District Fellowship News

November, December 2006



Have you ever considered the way we live our lives in the United States of America, our philosophy of living, our mentality of life if you will? As I hear speakers preach prosperity, have writers espouse the idea of deserved benefits, and see the movement towards leisure and away from toil I become concerned for our citizens and especially the Christians who follow the thinking of the crowd. Our plenty has blinded us to the truths that have been laid down for us through the centuries by a loving heavenly father. I read an article just last month in a widely read news magazine detailing some of the beliefs of the “new” (some call it prosperity light) prosperity gospel espoused by preachers and teachers in various churches in the United States, and I have come to the conclusion that we as Christians many times try to find a way to justify following the meandering truths of a lost world. The world puts a great premium on possessions, ownership, wealth, and power.

The more you have, the less you have to do. The more you have, the more you have the power to do. The more you have, the more respect you are afforded. The more you have, the better you are.

The Kingdom of God works on a principle that is the exact opposite of this. There are only two possible reasons for you to have more than you need to live. One (and these are not in a particular order) is to show those around you the greatness of the One you serve. He blesses you so that others will get to know Him and His love. The second reason is so that you, as a good steward, will have the means to accomplish, or work with others to accomplish, his goals here on earth. Is there anything in these reasons that even comes close to speaking of a benefit to you that is not secondary to His purposes? We have a great tendency to put our comfort, our glory, our desires, our leisure, ahead of what God has planned. That is the real problem with the prosperity gospel, THE FOCUS. It comes down to: You should have things...you should be rich...you should own land … you … you! … YOU!

In God’s kingdom your emphasis, your focus is never on you. God’s emphasis is on you, the emphasis of others is on you, but your emphasis should always be on others. I have followed, with interest, the dealings of Warren Buffett one of the richest men in the world. Although an agnostic his philosophy on wealth may not be so far off what Christians should do. He has recently announced that he would be giving his fortune to a variety of foundations to be used to help those who were less fortunate than he or his children were. He says, "I want to give my kids enough so that they could feel that they could do anything, but not so much that they could do nothing”, which in his mind is a few hundred thousand dollars, the rest (billions) would be used to help mankind - a focus on others.
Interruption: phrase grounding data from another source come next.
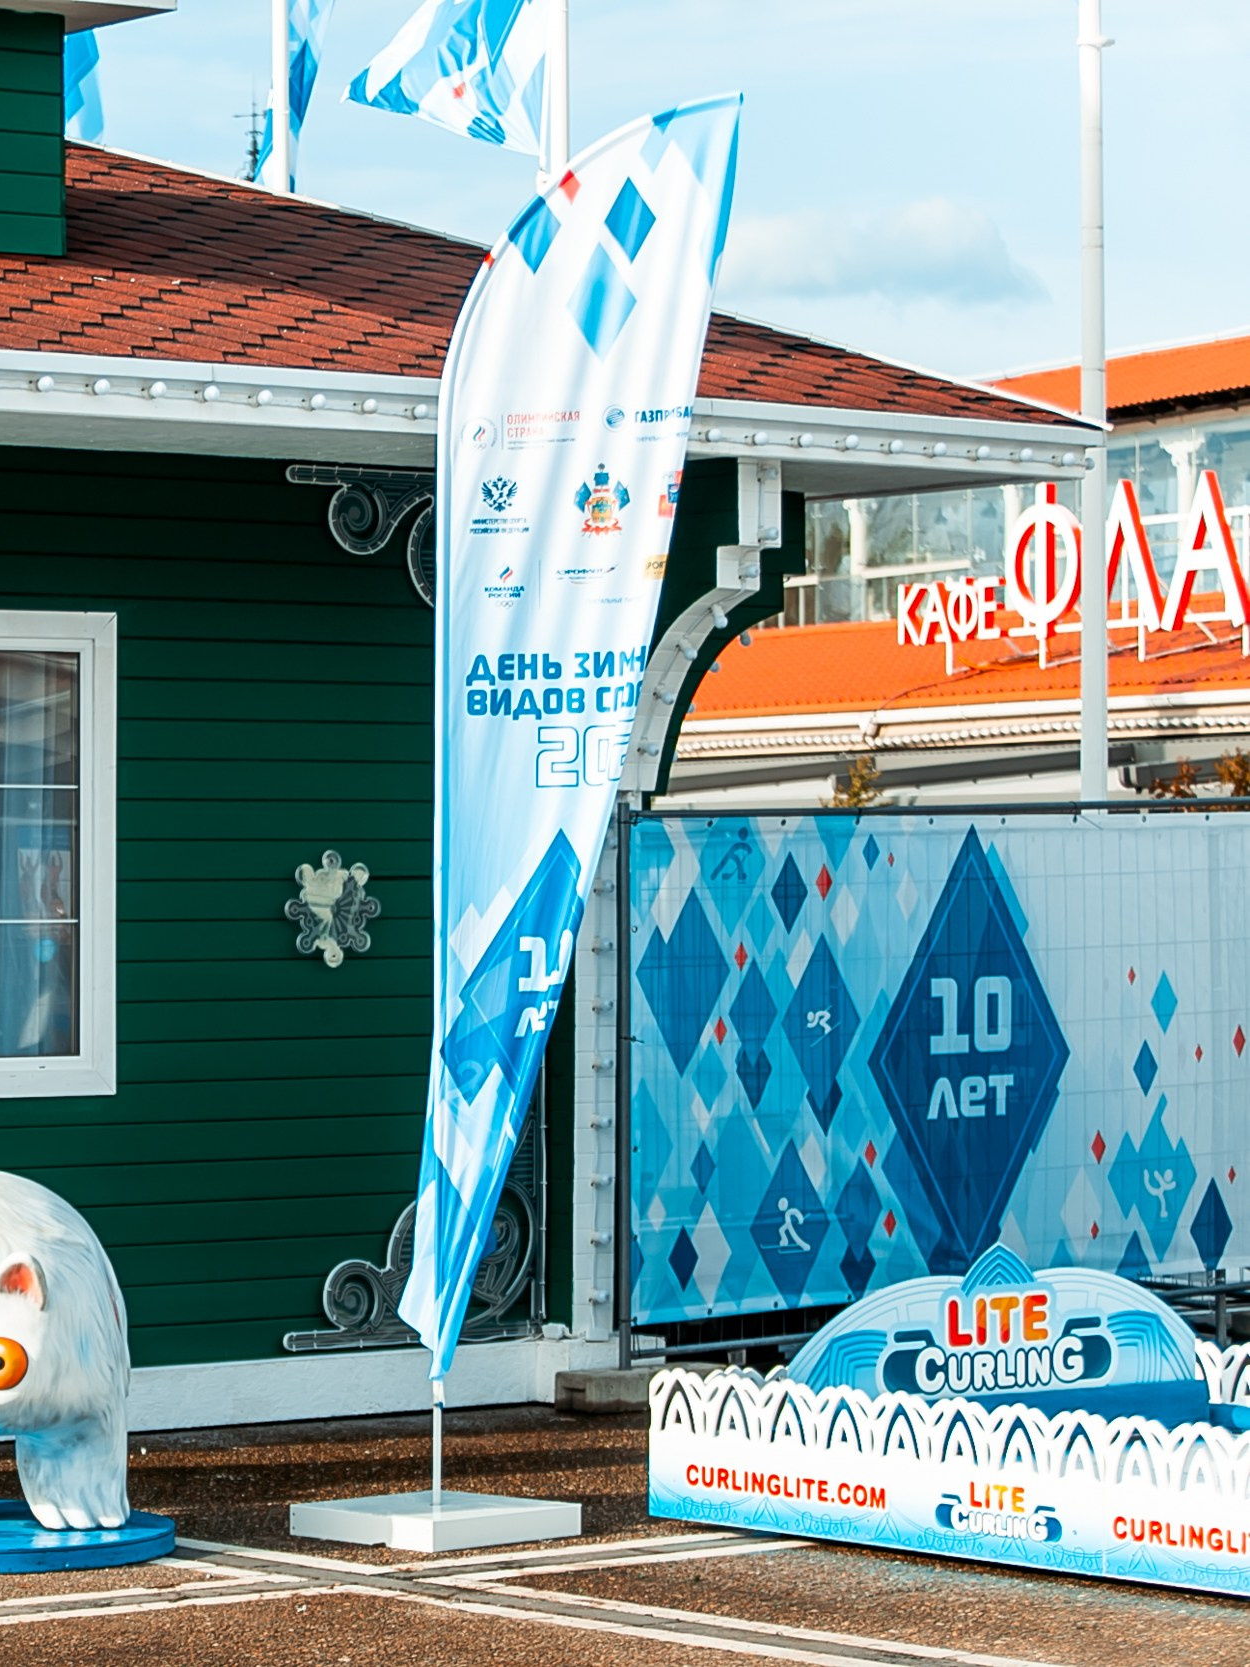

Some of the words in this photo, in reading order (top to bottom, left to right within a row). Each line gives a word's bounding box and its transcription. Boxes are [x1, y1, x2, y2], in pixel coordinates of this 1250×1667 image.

[898, 575, 1006, 646] КАФЕ
[466, 653, 562, 686] ДЕНЬ
[467, 687, 586, 720] ВИДОВ
[930, 976, 1012, 1055] 10
[947, 1294, 1049, 1347] LITE
[914, 1335, 1085, 1394] CURLING
[686, 1464, 887, 1510] CURLINGLITE.COM
[969, 1482, 1026, 1513] LITE
[949, 1503, 1049, 1543] CURLING
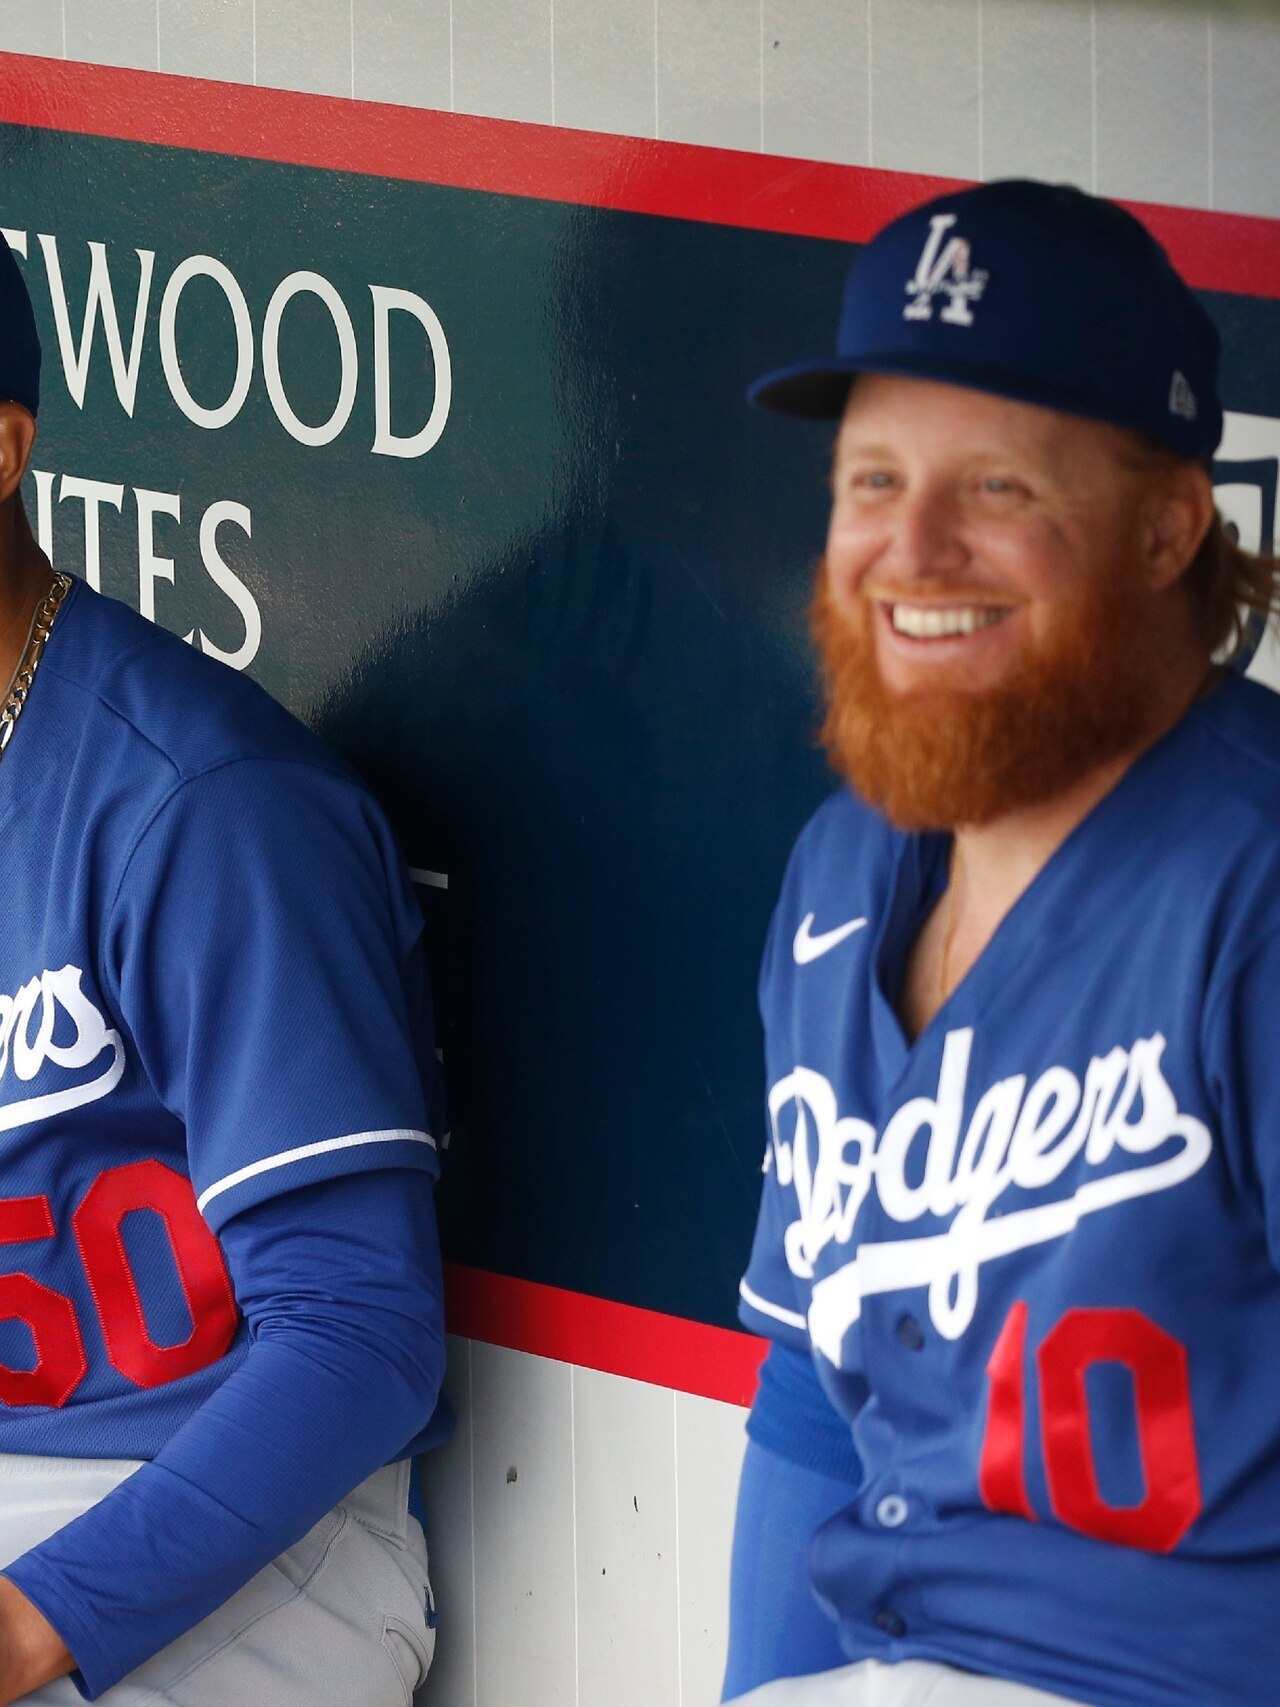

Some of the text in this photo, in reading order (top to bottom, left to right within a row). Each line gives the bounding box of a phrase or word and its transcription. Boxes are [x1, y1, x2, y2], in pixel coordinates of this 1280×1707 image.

[903, 213, 989, 327] LA
[31, 469, 263, 671] ITES
[766, 1026, 1213, 1370] Dodgers
[978, 1299, 1205, 1554] 10
If a man who does not believe in God could have this attitude, what about those of us who understand that everything flows from God and is ordained by Him? Why shouldn’t we follow this attitude which focuses not on us but on God and others.

The principles of the Word seem plain. God sees the sparrows and the lilies and provides for them . Won’t he take care of you? (Luke) In whatever state I find myself, whether with plenty or with nothing, I will be content. (Philippians) It is better to give than to receive. (Acts) Don’t be mistaken here, God doesn’t think poor is more holy than rich, or that the blessings of wealth somehow measure your spirituality. This is really about focus. Is your focus on wealth, leisure, and material gain, or is it on the Kingdom of heaven and how you can accomplish God’s purposes with what he has entrusted to you?